As the war dragged on mysterious fires and explosions broke out in American industrial plants making arms and munitions for England and France. A demand for national defence grew, and by 1916 peace-loving Woodrow Wilson was marching at the head of a "Preparedness Day Parade". When he was inaugurated for his second term, the nation was tense with expectation, for the U.S. flag had been all but driven from the seas by German submarines, and America’s freedom of the seas had ceased to exist. "Armed neutrality" the order which armed all U.S. merchant ships, failed to achieve any result, and in April, 1917, Woodrow Wilson called on Congress to declare war upon Imperial Germany. Overnight the nation became united, isolationists and interventionists throwing themselves wholeheartedly into the fight. By the spring of 1918 the nation had called nearly three million men to the colours, while another three million were at work in U.S. war industries, but it was not until a year after the declaration of war that America’s first million men were equipped and ready for service. In May, 1918, began the great overseas movement of troops.

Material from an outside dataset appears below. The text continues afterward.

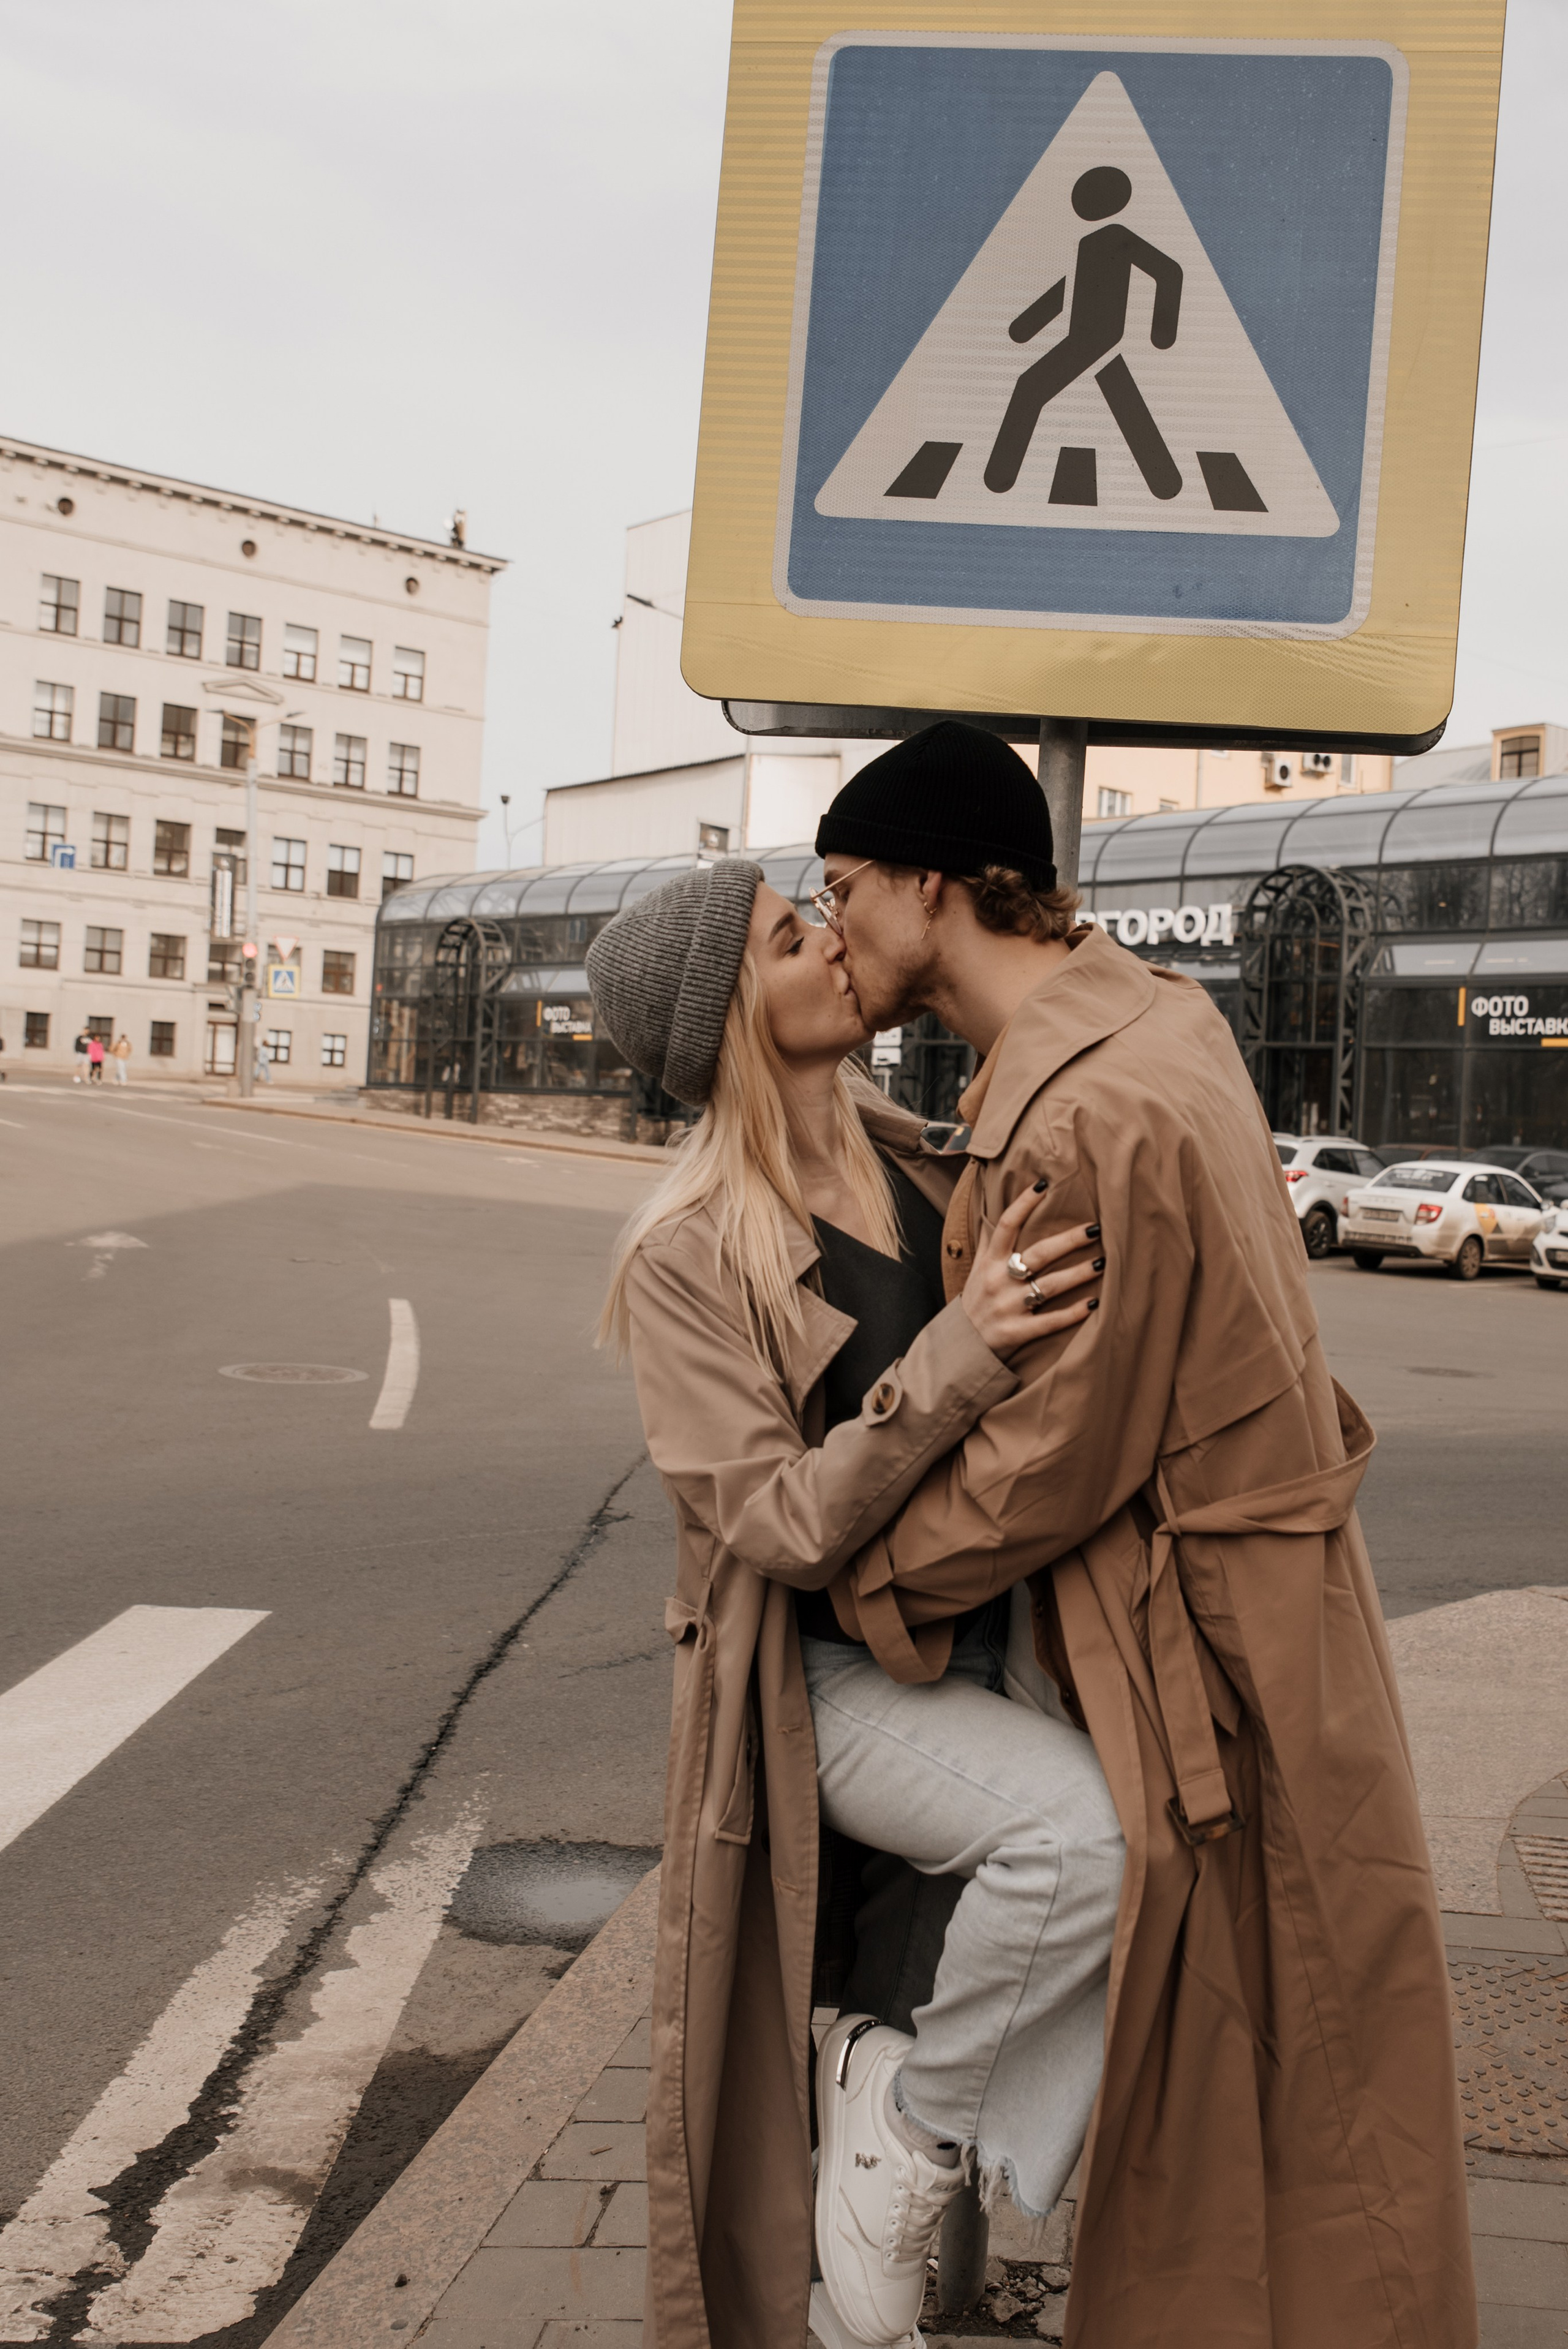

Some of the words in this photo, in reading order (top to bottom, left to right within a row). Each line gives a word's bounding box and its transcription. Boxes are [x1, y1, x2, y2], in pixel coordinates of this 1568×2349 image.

Already the U.S. navy was working with the British fleet in an effort to rid the seas of German U-boats, for which task a new weapon was being used - the depth bomb. By the summer of 1918 American yards, working at top pressure, were launching more than a ship a day. On September 29th, 1918, came word that the Allies had finally broken through the German lines, and, as the German war machine began to disintegrate, there were rumours that the once mighty Germany was at last ready for an armistice. As 1918 came to an end the American people faced the future confident that the peace which had been won would endure. But twenty-four years later the U.S. is again engulfed in a World War, and finds her people once more ready to defend their way of life against the enemies of freedom. - Researcher Comments
- This story was included in Vol.8 No.5 of the US edition.
- Keywords
- Foreign relations; War and conflict
- Written sources
- The March of Time Promotional Material Lobby Card, Used for synopsis
- Credits:
-
- Production Co.
- Time Inc.
How to cite this record
'America at War', The March of Time 7th Year Issue No. 9, 1942. https://learningonscreen.ac.uk/newsonscreen/search/index.php/story/352106 (Accessed 22 Mar 2026)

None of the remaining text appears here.